Advocates for the law said flavors can encourage young people to begin using tobacco products. Attorney General Maura Healey said she's heard from "desperate and agonizing" parents of children who are nicotine-addicted and, in some cases, sleeping with vape pens under their pillows.

"You talk to pediatricians, this stuff is real," she said. "It has real, real detrimental consequences, so this is not by any stretch a nanny-state effort. This is a true and important effort to combat what is a significant public health issue for our young people."

Sales of vaping products with a nicotine content higher than 35 milligrams per milliliter will be restricted to adult-only tobacco shops and smoking bars. Non-flavored vaping products with less than 35 milligrams per milliliter can still be sold in stores that are licensed to sell tobacco products, including convenience stores and gas stations.
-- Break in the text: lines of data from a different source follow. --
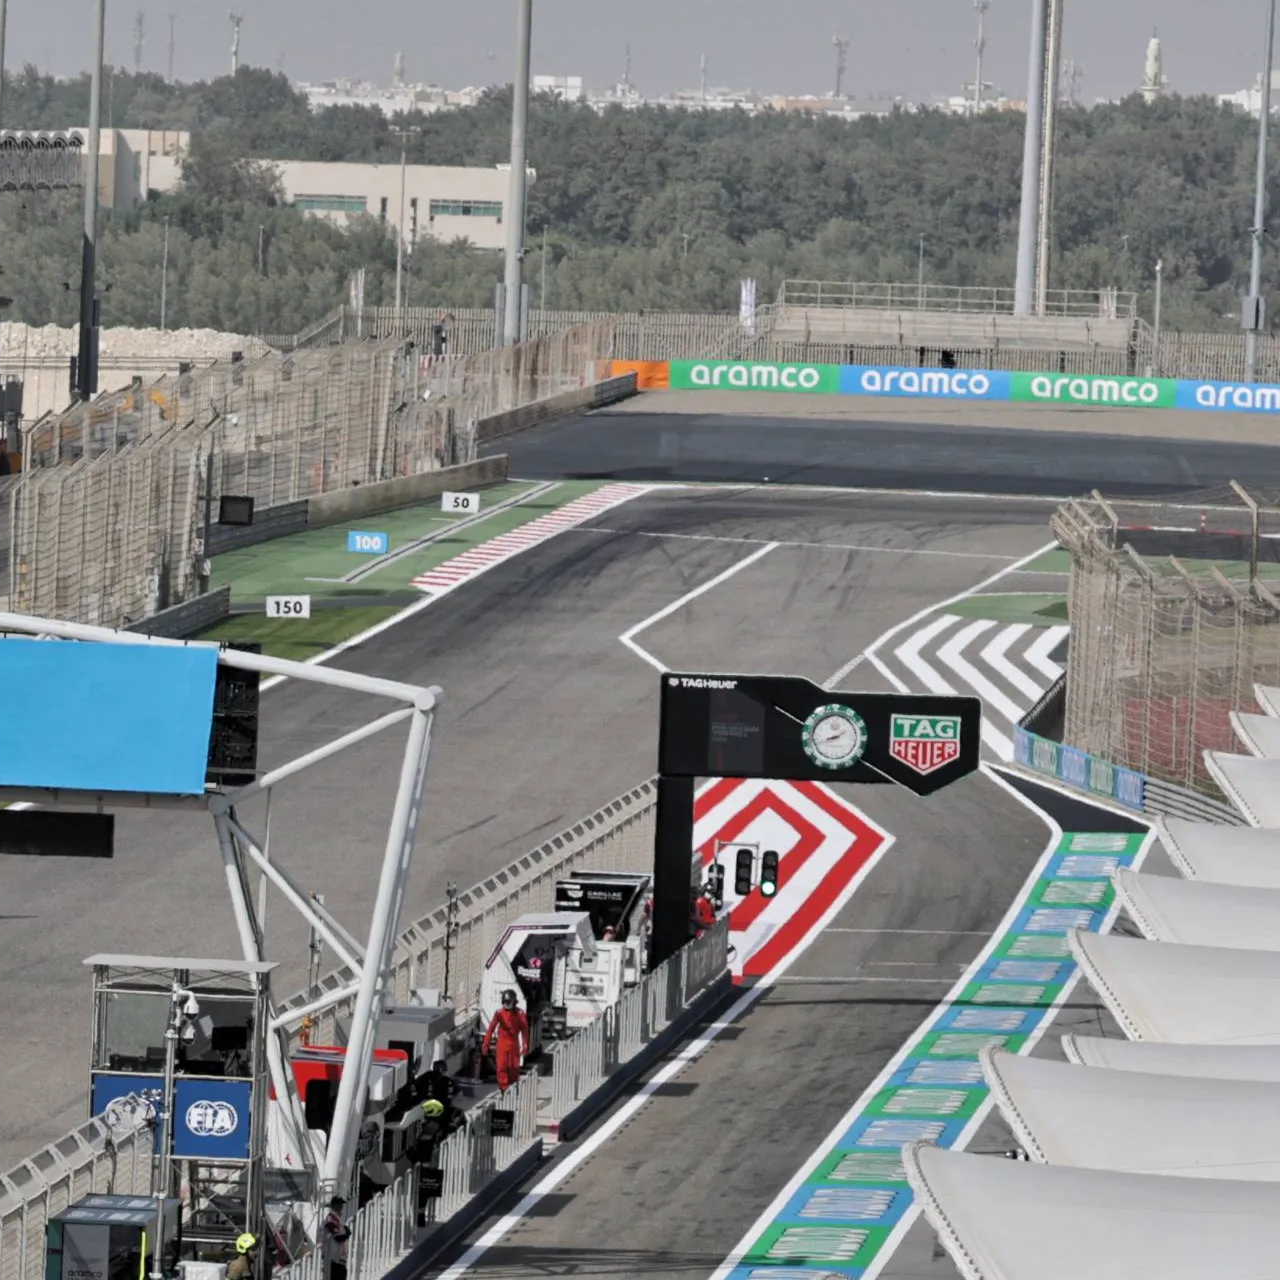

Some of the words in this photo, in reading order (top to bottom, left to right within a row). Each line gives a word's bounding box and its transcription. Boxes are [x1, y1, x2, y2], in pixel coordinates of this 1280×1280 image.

[690, 364, 820, 388] aramco
[861, 370, 989, 395] aramco
[1031, 376, 1159, 402] aramco
[452, 497, 469, 509] 50
[355, 535, 382, 550] 100
[274, 601, 302, 614] 150
[896, 718, 955, 738] TAG
[893, 741, 957, 770] HEUER
[189, 1107, 232, 1129] FIA
Jonathan Shaer, executive director of the New England Convenience Store and Energy Marketers Association, criticized the new law, calling it in part the product of "anti-tobacco crusaders exploiting a youth vaping crisis."

"By dismantling the state's only legal barrier between youth and vape and tobacco, government has fed the illegal market, disproportionately impacted communities of color, and cost the state hundreds of millions in lost tax revenue," he said in a statement. "All options to pursue policies that actually protect minors from nicotine products, and that protect our adult customers' right to choose legal products remain on the table."

After the temporary vape sale ban was announced and while the flavor bill was moving through the Legislature, convenience store and smoke shop owners protested repeatedly, concerned about the effect on their businesses.

Baker said the law's economic impact "will remain to be seen."

"I get the fact that we make decisions around here that have consequences," the Swampscott Republican said. "I happen to believe that the positive consequences in this one outweigh the negative ones."

The bill Baker signed is based on legislation that passed the House 127-31 and the Senate 32-6 earlier this month. During the debates, some lawmakers said they were worried about the impact on retailers, particularly those near the borders of other states where flavored tobacco would still be available.

Baker has expressed similar concerns in explaining his opposition to hiking the gas tax, saying that a higher tax here would push drivers to fill up in other states. Asked if he applies that same philosophy to tobacco, Baker said he believed a "comprehensive, nationwide policy on this would be much more effective than doing it one state at a time."

"But the simple fact of the matter is it's pretty clear at this point in time there isn't going to be a federal policy on this any time soon, and in the absence of that, I think we all felt we needed to act," he said.

House Speaker Robert DeLeo said he's "hoping and praying" that other states will follow Massachusetts' lead, and advocates praised the Bay State for its first-in-the-nation law.

"One of the most impactful aspects of the Massachusetts law is its inclusion of menthol tobacco products," American Heart Association CEO Nancy Brown said in a statement. "For decades, tobacco companies have targeted African American, LGBTQ and other populations with menthol products, which have been shown to encourage tobacco use, increase progression to regular smoking and enhance the addictiveness and dependence of tobacco. More than half of all youth smokers use menthol cigarettes."

Marc Hymovitz of the American Cancer Society Cancer Action Network said the law's flavor ban, higher costs for e-cigarettes, and provisions aimed at improving access to smoking cessation services set "Massachusetts apart with a comprehensive tobacco control program that proudly outpaces the rest of the nation."

The Massachusetts Chapter of the American College of Cardiology said the new law, coupled with a 2018 law raising the state's tobacco-buying age from 18 to 21, "will go a long way in protecting our state from the harmful effects of vaping and slowing the spread of cardiovascular disease from the use of e-cigarettes and other tobacco products."